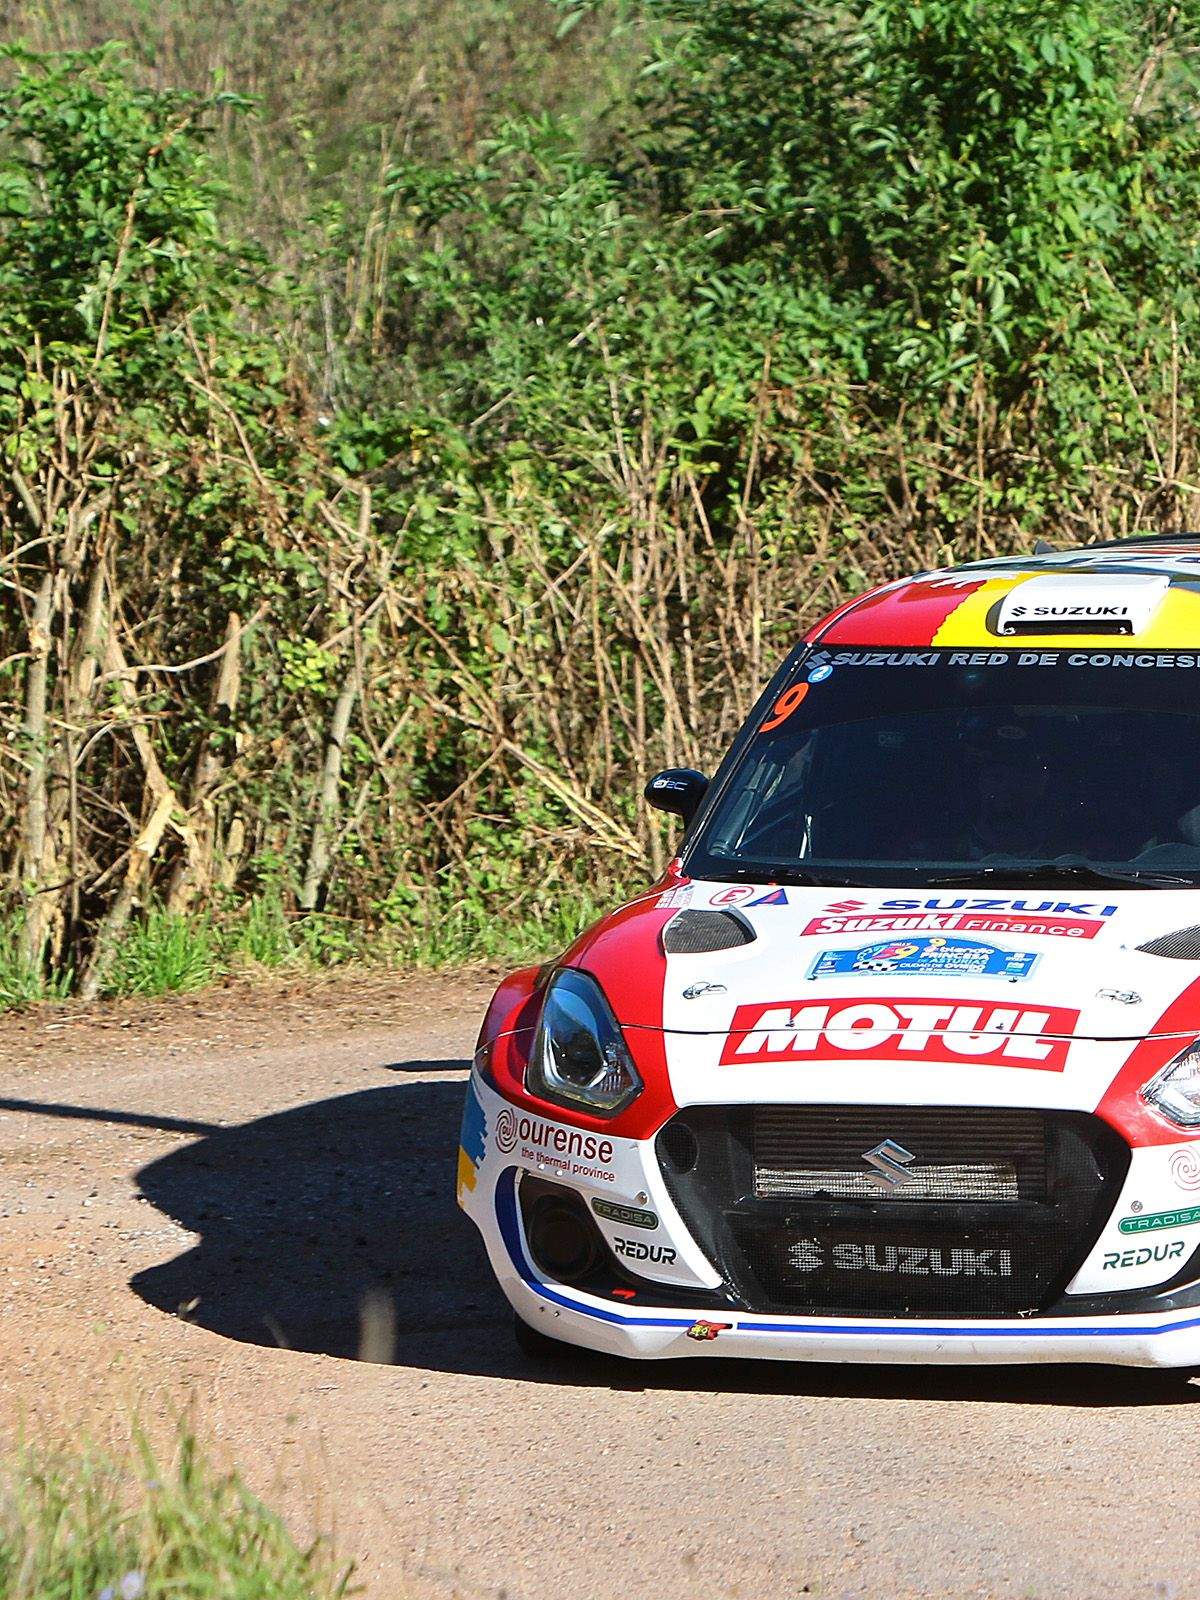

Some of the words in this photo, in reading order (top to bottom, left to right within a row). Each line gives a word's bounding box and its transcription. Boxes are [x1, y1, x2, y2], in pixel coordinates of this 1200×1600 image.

[1034, 606, 1128, 616] SUZUKI
[831, 652, 938, 667] SUZUKI
[949, 653, 1009, 666] RED
[1023, 653, 1060, 667] DE
[759, 682, 809, 732] 9
[878, 899, 1119, 917] SUZUKI
[815, 913, 964, 934] Suzuki
[920, 952, 990, 960] PRINCESA
[930, 957, 987, 965] ASTURIAS
[734, 1003, 1060, 1060] MOTUL
[519, 1118, 613, 1164] ourense
[521, 1147, 534, 1160] the
[536, 1151, 571, 1171] thermal
[572, 1164, 616, 1182] province
[595, 1204, 652, 1224] TRADISA
[613, 1236, 677, 1265] REDUR
[832, 1243, 1012, 1276] SUZUKI
[1103, 1241, 1185, 1270] REDUR
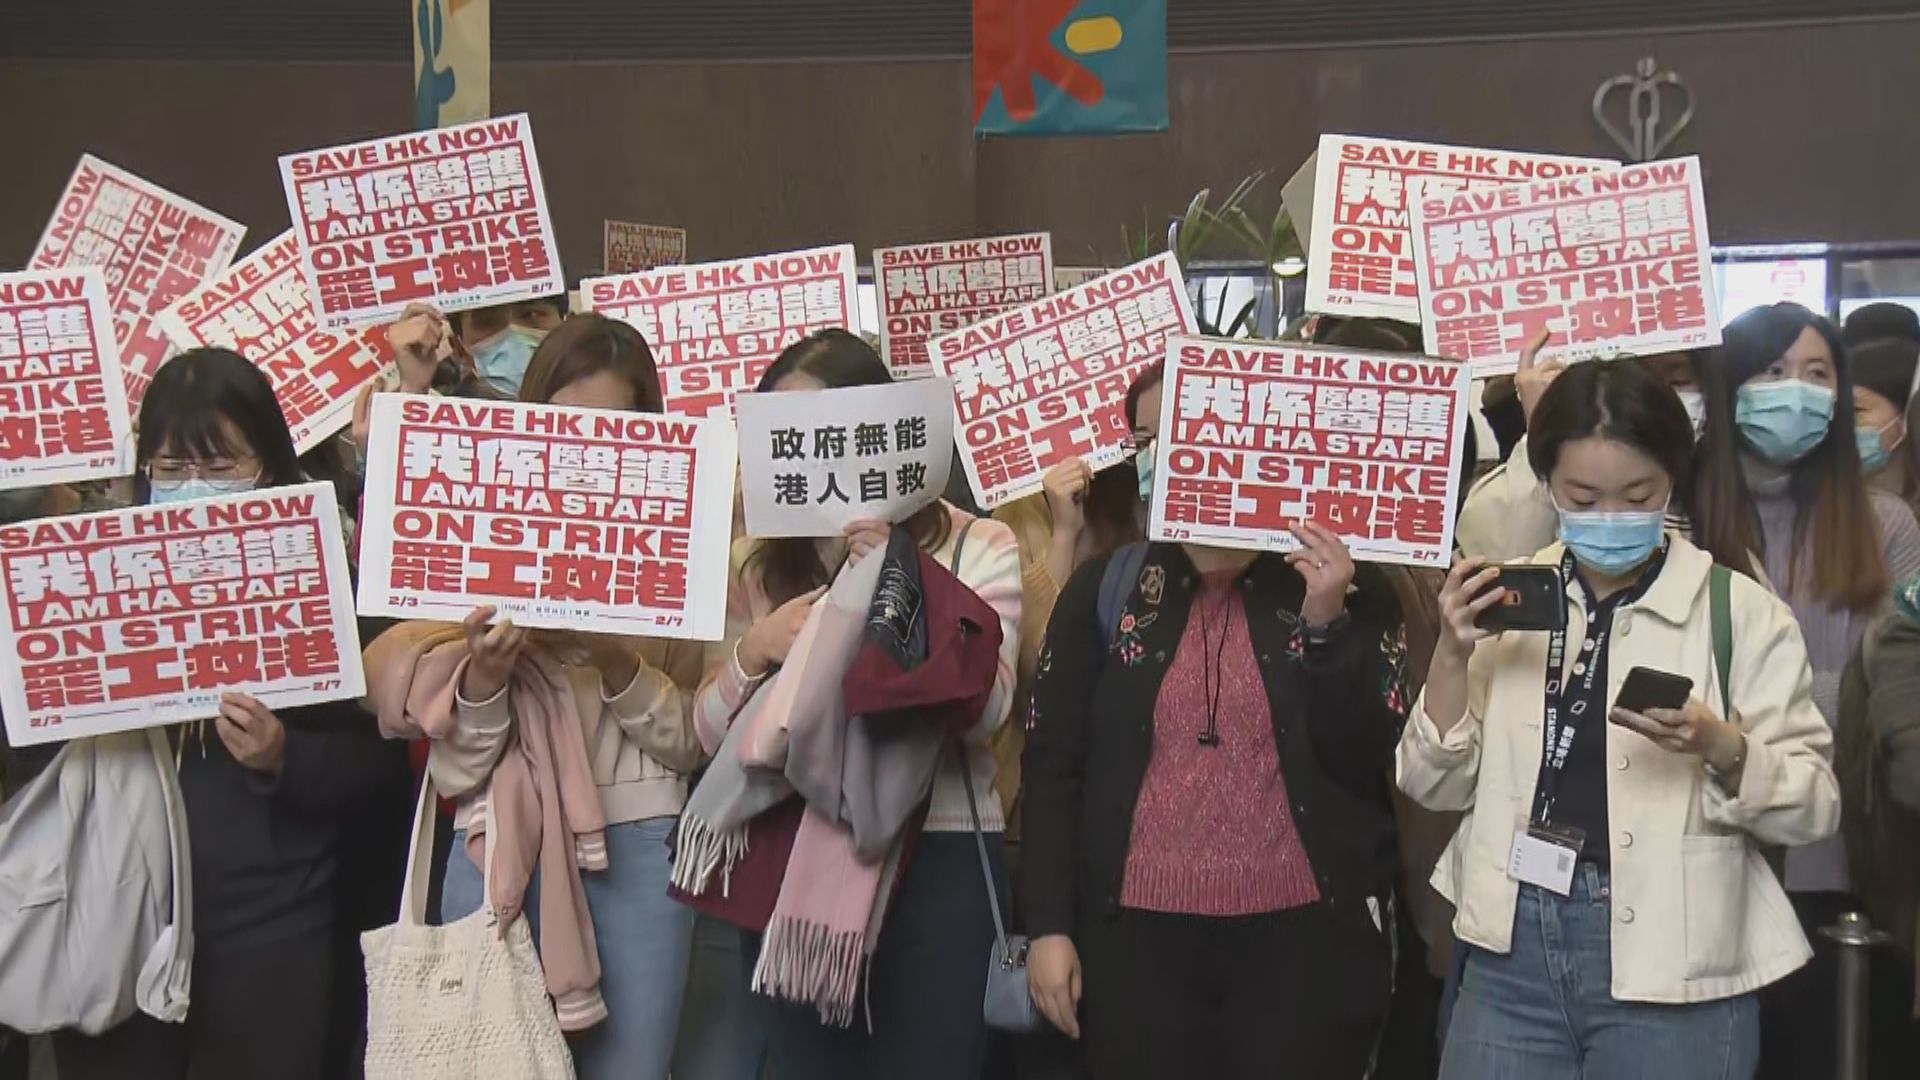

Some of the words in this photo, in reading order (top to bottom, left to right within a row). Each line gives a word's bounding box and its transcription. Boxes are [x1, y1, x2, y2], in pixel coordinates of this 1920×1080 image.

[291, 145, 379, 177] SAVE
[384, 136, 431, 161] HK
[437, 120, 520, 151] NOW
[1341, 143, 1438, 169] SAVE
[1447, 154, 1499, 174] HK
[1507, 160, 1600, 179] NO
[299, 145, 527, 223] 我係醫護
[1422, 188, 1520, 220] SAVE
[1529, 179, 1582, 204] HK
[1591, 163, 1688, 195] NOW
[33, 244, 57, 271] K
[52, 166, 98, 241] NOW
[67, 179, 140, 267] 醫護
[309, 224, 319, 241] I
[324, 214, 374, 239] AM
[380, 205, 426, 229] HA
[430, 187, 530, 221] STAFF
[1340, 202, 1349, 222] I
[1357, 206, 1408, 228] AM
[1428, 189, 1690, 266] 我係醫護
[105, 195, 159, 287] STAFF
[310, 239, 374, 271] ON
[382, 211, 541, 259] STRIKE
[882, 247, 946, 265] SAVE
[951, 243, 983, 258] HK
[988, 238, 1042, 255] NOW
[1331, 228, 1402, 255] ON
[1434, 267, 1443, 285] I
[1450, 258, 1506, 283] AM
[1515, 250, 1566, 274] HA
[1574, 233, 1690, 266] STAFF
[114, 202, 187, 345] STRIKE
[177, 262, 263, 322] SAVE
[315, 236, 551, 313] 罷工救港
[529, 282, 553, 293] 2/7
[592, 274, 687, 302] SAVE
[696, 264, 745, 289] HK
[754, 252, 841, 281] NOW
[886, 255, 1043, 299] 我係醫護
[889, 300, 895, 312] I
[900, 295, 936, 311] AM
[942, 291, 973, 306] HA
[978, 283, 1043, 302] STAFF
[1431, 284, 1502, 316] ON
[1513, 258, 1699, 305] STRIKE
[197, 264, 314, 350] 我係
[886, 313, 933, 335] ON
[939, 310, 1030, 358] SAVE
[1034, 291, 1082, 323] HK
[1087, 260, 1169, 304] NOW
[1327, 295, 1353, 305] 2/3
[1434, 284, 1705, 359] 罷工救港
[244, 326, 293, 362] AM
[292, 310, 317, 335] H
[681, 337, 730, 361] HA
[737, 323, 842, 352] STA
[949, 284, 1179, 401] 我係醫護
[0, 352, 94, 381] TAFF
[264, 348, 306, 386] N
[681, 358, 774, 392] STR
[962, 401, 973, 419] I
[977, 380, 1029, 413] AM
[1034, 361, 1081, 392] HA
[1084, 331, 1165, 374] STAF
[1179, 346, 1284, 374] SAVE
[1293, 354, 1349, 378] HK
[1359, 359, 1458, 387] NOW
[0, 378, 106, 413] RIKE
[1178, 373, 1451, 440] 我係醫護
[0, 406, 114, 461] 救港
[402, 400, 514, 430] SAVE
[524, 410, 582, 435] HK
[593, 415, 697, 444] NOW
[770, 416, 927, 461] 政府無能
[963, 405, 1031, 449] ON
[973, 399, 1129, 490] 罷工救
[1177, 421, 1186, 440] I
[1195, 422, 1255, 446] AM
[1264, 428, 1318, 451] HA
[1326, 433, 1445, 461] STAFF
[402, 430, 691, 500] 我係醫護
[774, 461, 927, 505] 港人自救
[1168, 448, 1244, 479] ON
[1256, 455, 1448, 496] STRIKE
[0, 515, 122, 549] SAVE
[131, 507, 196, 534] HK
[206, 494, 317, 526] NOW
[402, 481, 411, 501] I
[421, 482, 484, 507] AM
[495, 488, 551, 512] HA
[560, 493, 685, 523] STAFF
[1164, 476, 1445, 544] 罷工救港
[393, 509, 473, 542] ON
[488, 517, 689, 559] STRIKE
[1162, 527, 1190, 539] 2/3
[1412, 549, 1440, 560] 2/7
[7, 523, 320, 604] 我係醫護
[389, 540, 687, 610] 罷工救港
[17, 605, 29, 626] I
[38, 596, 109, 623] AM
[119, 588, 181, 614] HA
[189, 572, 321, 606] STAFF
[388, 594, 418, 607] 2/3
[654, 615, 682, 627] 2/7
[14, 625, 105, 662] ON
[118, 599, 332, 649] STRIKE
[20, 627, 339, 711] 罷工救港
[311, 679, 341, 691] 2/7
[29, 714, 62, 727] 2/3

[WORK TO COMPLETE] Leave out the pictures, then copy all the remaining text in the records exactly.

[RESULT]
Some of the words in this photo, in reading order (top to bottom, left to right within a row). Each line gives a word's bounding box and its transcription. Boxes are [x1, y1, x2, y2], in pixel coordinates of this 1200×1600 image.

[1034, 606, 1128, 616] SUZUKI
[831, 652, 938, 667] SUZUKI
[949, 653, 1009, 666] RED
[1023, 653, 1060, 667] DE
[759, 682, 809, 732] 9
[878, 899, 1119, 917] SUZUKI
[815, 913, 964, 934] Suzuki
[920, 952, 990, 960] PRINCESA
[930, 957, 987, 965] ASTURIAS
[734, 1003, 1060, 1060] MOTUL
[519, 1118, 613, 1164] ourense
[521, 1147, 534, 1160] the
[536, 1151, 571, 1171] thermal
[572, 1164, 616, 1182] province
[595, 1204, 652, 1224] TRADISA
[613, 1236, 677, 1265] REDUR
[832, 1243, 1012, 1276] SUZUKI
[1103, 1241, 1185, 1270] REDUR

Some of the words in this photo, in reading order (top to bottom, left to right within a row). Each line gives a word's bounding box and its transcription. Boxes are [x1, y1, x2, y2], in pixel coordinates of this 1920×1080 image.

[291, 145, 379, 177] SAVE
[384, 136, 431, 161] HK
[437, 120, 520, 151] NOW
[1341, 143, 1438, 169] SAVE
[1447, 154, 1499, 174] HK
[1507, 160, 1600, 179] NO
[299, 145, 527, 223] 我係醫護
[1422, 188, 1520, 220] SAVE
[1529, 179, 1582, 204] HK
[1591, 163, 1688, 195] NOW
[33, 244, 57, 271] K
[52, 166, 98, 241] NOW
[67, 179, 140, 267] 醫護
[309, 224, 319, 241] I
[324, 214, 374, 239] AM
[380, 205, 426, 229] HA
[430, 187, 530, 221] STAFF
[1340, 202, 1349, 222] I
[1357, 206, 1408, 228] AM
[1428, 189, 1690, 266] 我係醫護
[105, 195, 159, 287] STAFF
[310, 239, 374, 271] ON
[382, 211, 541, 259] STRIKE
[882, 247, 946, 265] SAVE
[951, 243, 983, 258] HK
[988, 238, 1042, 255] NOW
[1331, 228, 1402, 255] ON
[1434, 267, 1443, 285] I
[1450, 258, 1506, 283] AM
[1515, 250, 1566, 274] HA
[1574, 233, 1690, 266] STAFF
[114, 202, 187, 345] STRIKE
[177, 262, 263, 322] SAVE
[315, 236, 551, 313] 罷工救港
[529, 282, 553, 293] 2/7
[592, 274, 687, 302] SAVE
[696, 264, 745, 289] HK
[754, 252, 841, 281] NOW
[886, 255, 1043, 299] 我係醫護
[889, 300, 895, 312] I
[900, 295, 936, 311] AM
[942, 291, 973, 306] HA
[978, 283, 1043, 302] STAFF
[1431, 284, 1502, 316] ON
[1513, 258, 1699, 305] STRIKE
[197, 264, 314, 350] 我係
[886, 313, 933, 335] ON
[939, 310, 1030, 358] SAVE
[1034, 291, 1082, 323] HK
[1087, 260, 1169, 304] NOW
[1327, 295, 1353, 305] 2/3
[1434, 284, 1705, 359] 罷工救港
[244, 326, 293, 362] AM
[292, 310, 317, 335] H
[681, 337, 730, 361] HA
[737, 323, 842, 352] STA
[949, 284, 1179, 401] 我係醫護
[0, 352, 94, 381] TAFF
[264, 348, 306, 386] N
[681, 358, 774, 392] STR
[962, 401, 973, 419] I
[977, 380, 1029, 413] AM
[1034, 361, 1081, 392] HA
[1084, 331, 1165, 374] STAF
[1179, 346, 1284, 374] SAVE
[1293, 354, 1349, 378] HK
[1359, 359, 1458, 387] NOW
[0, 378, 106, 413] RIKE
[1178, 373, 1451, 440] 我係醫護
[0, 406, 114, 461] 救港
[402, 400, 514, 430] SAVE
[524, 410, 582, 435] HK
[593, 415, 697, 444] NOW
[770, 416, 927, 461] 政府無能
[963, 405, 1031, 449] ON
[973, 399, 1129, 490] 罷工救
[1177, 421, 1186, 440] I
[1195, 422, 1255, 446] AM
[1264, 428, 1318, 451] HA
[1326, 433, 1445, 461] STAFF
[402, 430, 691, 500] 我係醫護
[774, 461, 927, 505] 港人自救
[1168, 448, 1244, 479] ON
[1256, 455, 1448, 496] STRIKE
[0, 515, 122, 549] SAVE
[131, 507, 196, 534] HK
[206, 494, 317, 526] NOW
[402, 481, 411, 501] I
[421, 482, 484, 507] AM
[495, 488, 551, 512] HA
[560, 493, 685, 523] STAFF
[1164, 476, 1445, 544] 罷工救港
[393, 509, 473, 542] ON
[488, 517, 689, 559] STRIKE
[1162, 527, 1190, 539] 2/3
[1412, 549, 1440, 560] 2/7
[7, 523, 320, 604] 我係醫護
[389, 540, 687, 610] 罷工救港
[17, 605, 29, 626] I
[38, 596, 109, 623] AM
[119, 588, 181, 614] HA
[189, 572, 321, 606] STAFF
[388, 594, 418, 607] 2/3
[654, 615, 682, 627] 2/7
[14, 625, 105, 662] ON
[118, 599, 332, 649] STRIKE
[20, 627, 339, 711] 罷工救港
[311, 679, 341, 691] 2/7
[29, 714, 62, 727] 2/3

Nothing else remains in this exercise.